--- What is needed ---
Go through the listing and set it down exactly, leaving out its pictures.

=== Section Start ===

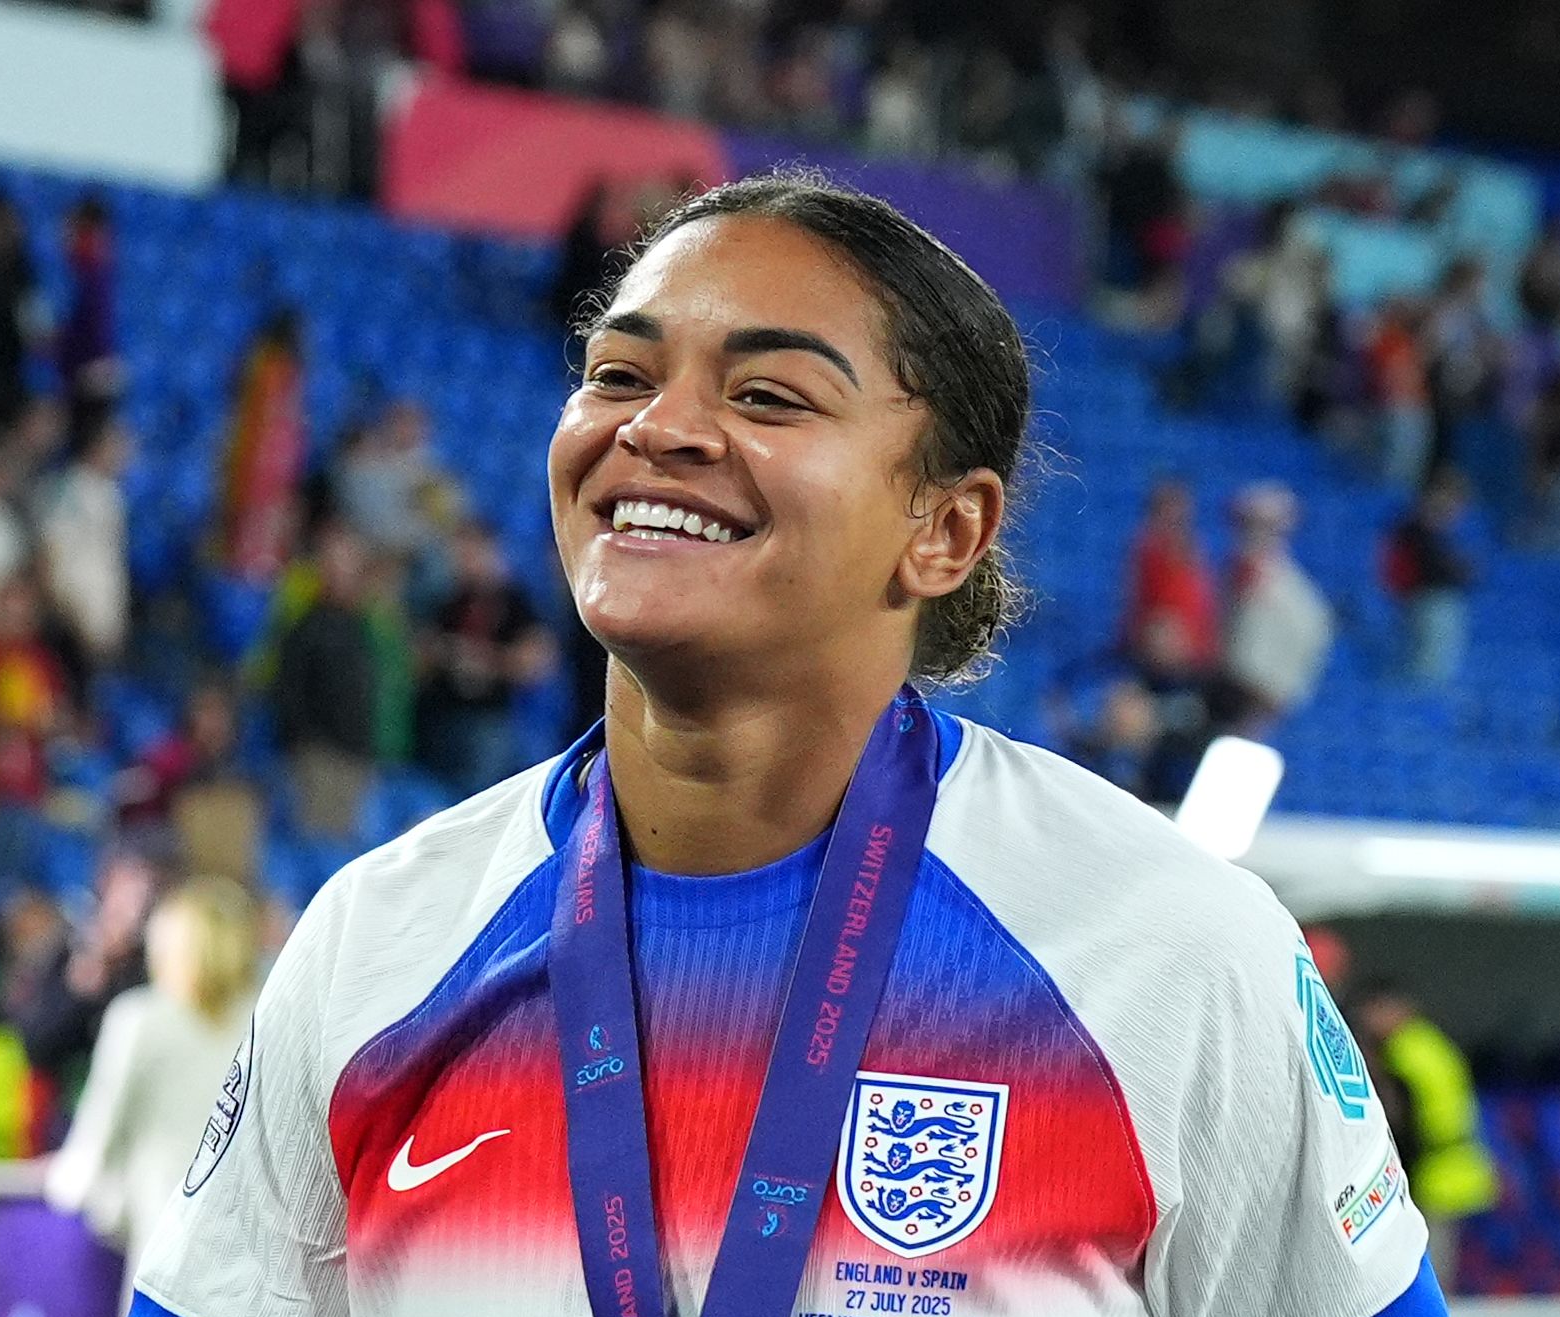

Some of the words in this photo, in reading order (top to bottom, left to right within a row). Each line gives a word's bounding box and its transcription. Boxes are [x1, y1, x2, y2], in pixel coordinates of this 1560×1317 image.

[826, 824, 893, 996] SWITZERLAND
[806, 1000, 842, 1066] 2025
[605, 1195, 629, 1262] 2025
[1333, 1184, 1356, 1213] UEFA
[1342, 1155, 1399, 1239] FOUNDAT
[835, 1261, 902, 1287] ENGLAND
[921, 1269, 968, 1290] SPAIN
[845, 1289, 865, 1309] 27
[870, 1292, 906, 1312] JULY
[911, 1295, 951, 1315] 2025

=== Section End ===

--- Response to the task ---
Some of the words in this photo, in reading order (top to bottom, left to right within a row). Each line gives a word's bounding box and its transcription. Boxes are [x1, y1, x2, y2], in pixel coordinates of this 1560×1317 image.

[826, 824, 893, 996] SWITZERLAND
[806, 1000, 842, 1066] 2025
[605, 1195, 629, 1262] 2025
[1333, 1184, 1356, 1213] UEFA
[1342, 1155, 1399, 1239] FOUNDAT
[835, 1261, 902, 1287] ENGLAND
[921, 1269, 968, 1290] SPAIN
[845, 1289, 865, 1309] 27
[870, 1292, 906, 1312] JULY
[911, 1295, 951, 1315] 2025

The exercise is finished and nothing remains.